Out-of-Distribution Detection and Data Drift Monitoring using Statistical Process Control
Zamzmi, Ghada, Venkatesh, Kesavan, Nelson, Brandon, Prathapan, Smriti, Yi, Paul H., Sahiner, Berkman, Delfino, Jana G.
Background: Machine learning (ML) methods often fail with data that deviates from their training distribution. This is a significant concern for ML-enabled devices in clinical settings, where data drift may cause unexpected performance that jeopardizes patient safety. Method: We propose a ML-enabled Statistical Process Control (SPC) framework for out-of-distribution (OOD) detection and drift monitoring.
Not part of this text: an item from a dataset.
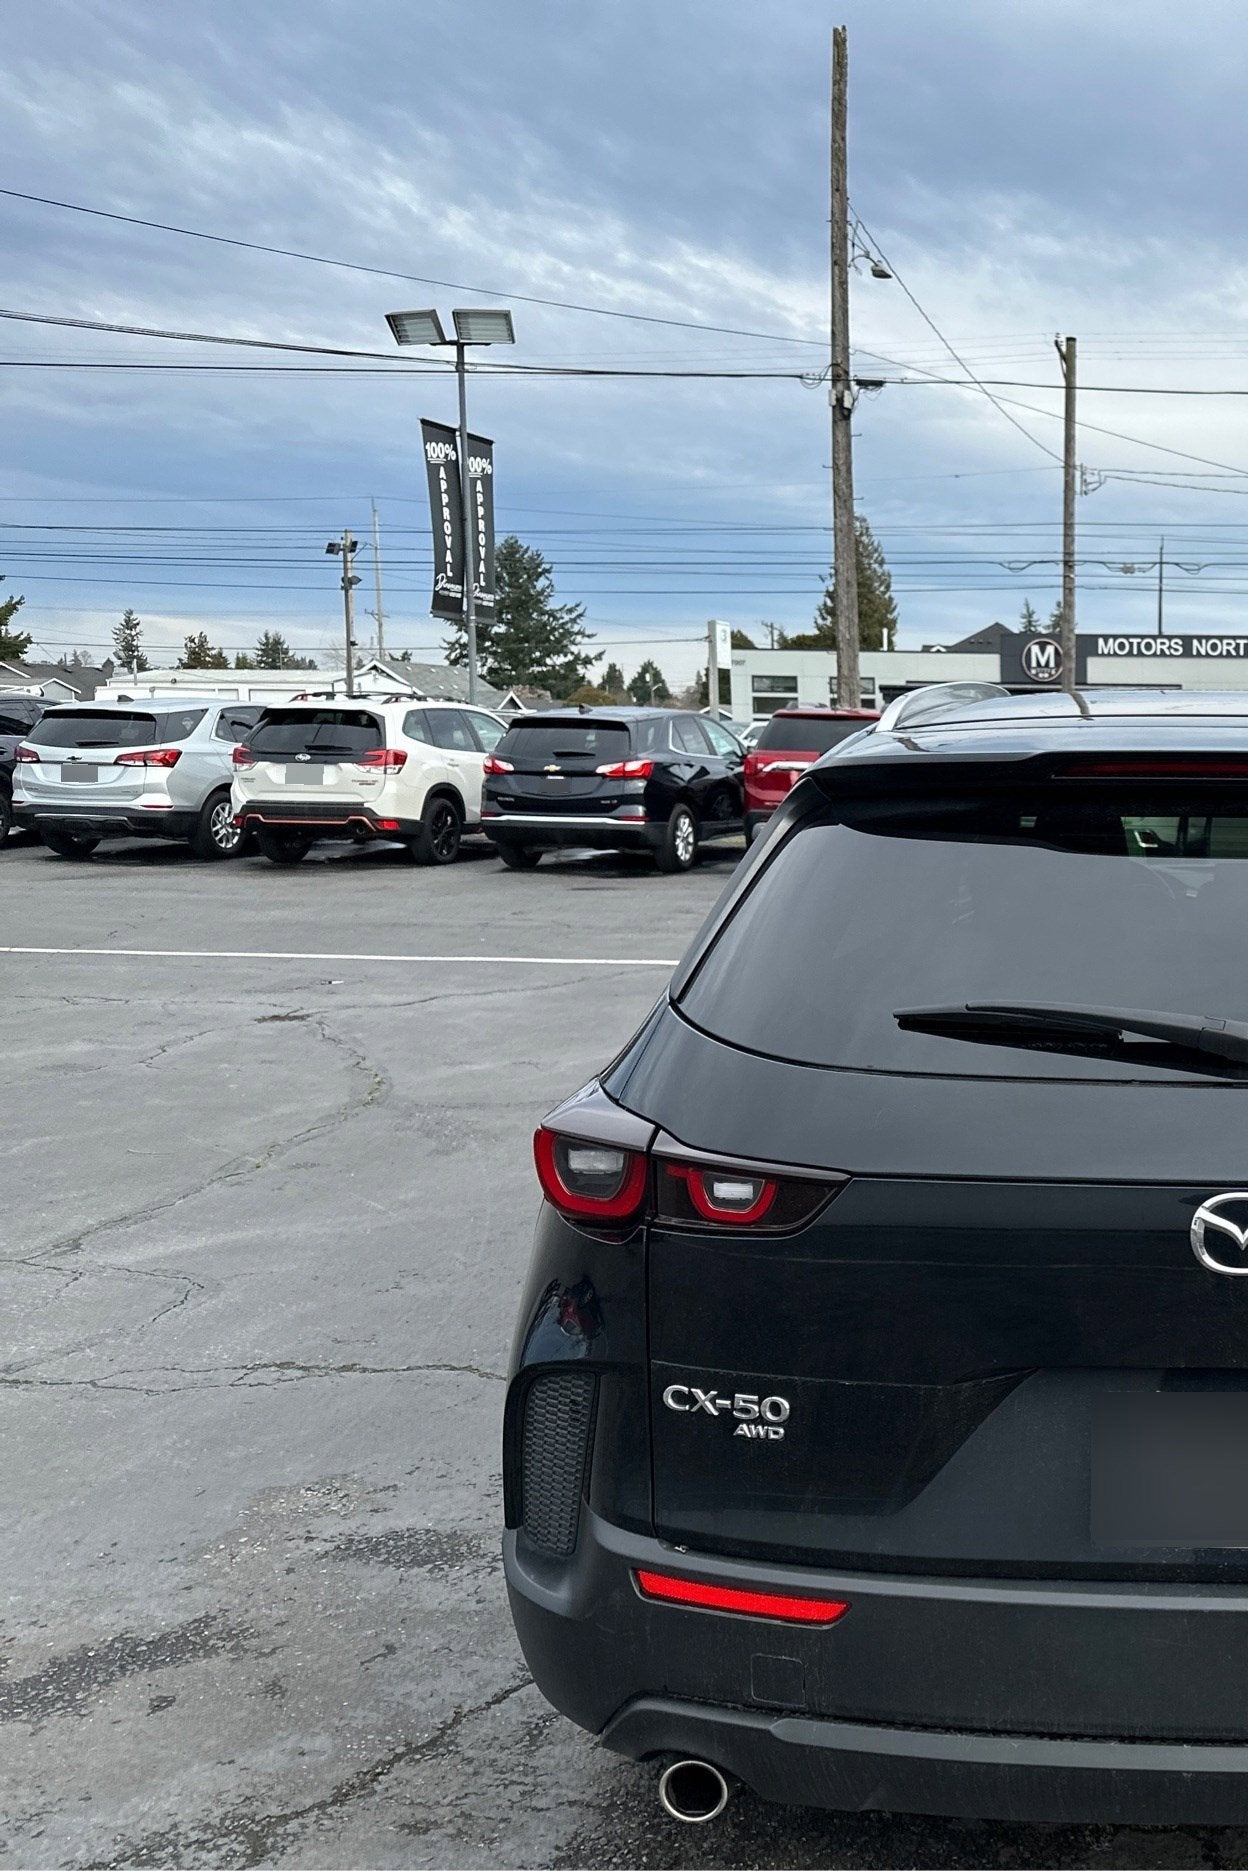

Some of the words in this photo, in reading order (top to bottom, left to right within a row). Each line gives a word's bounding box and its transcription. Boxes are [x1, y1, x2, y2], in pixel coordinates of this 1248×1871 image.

SPC is advantageous as it visually and statistically highlights deviations from the expected distribution. To demonstrate the utility of the proposed framework for monitoring data drift in radiological images, we investigated different design choices, including methods for extracting feature representations, drift quantification, and SPC parameter selection. Results: We demonstrate the effectiveness of our framework for two tasks: 1) differentiating axial vs. non-axial computed tomography (CT) images and 2) separating chest x-ray (CXR) from other modalities. For both tasks, we achieved high accuracy in detecting OOD inputs, with 0.913 in CT and 0.995 in CXR, and sensitivity of 0.980 in CT and 0.984 in CXR. Our framework was also adept at monitoring data streams and identifying the time a drift occurred. In a simulation with 100 daily CXR cases, we detected a drift in OOD input percentage from 0-1% to 3-5% within two days, maintaining a low false-positive rate. Through additional experimental results, we demonstrate the framework's data-agnostic nature and independence from the underlying model's structure. Conclusion: We propose a framework for OOD detection and drift monitoring that is agnostic to data, modality, and model. The framework is customizable and can be adapted for specific applications.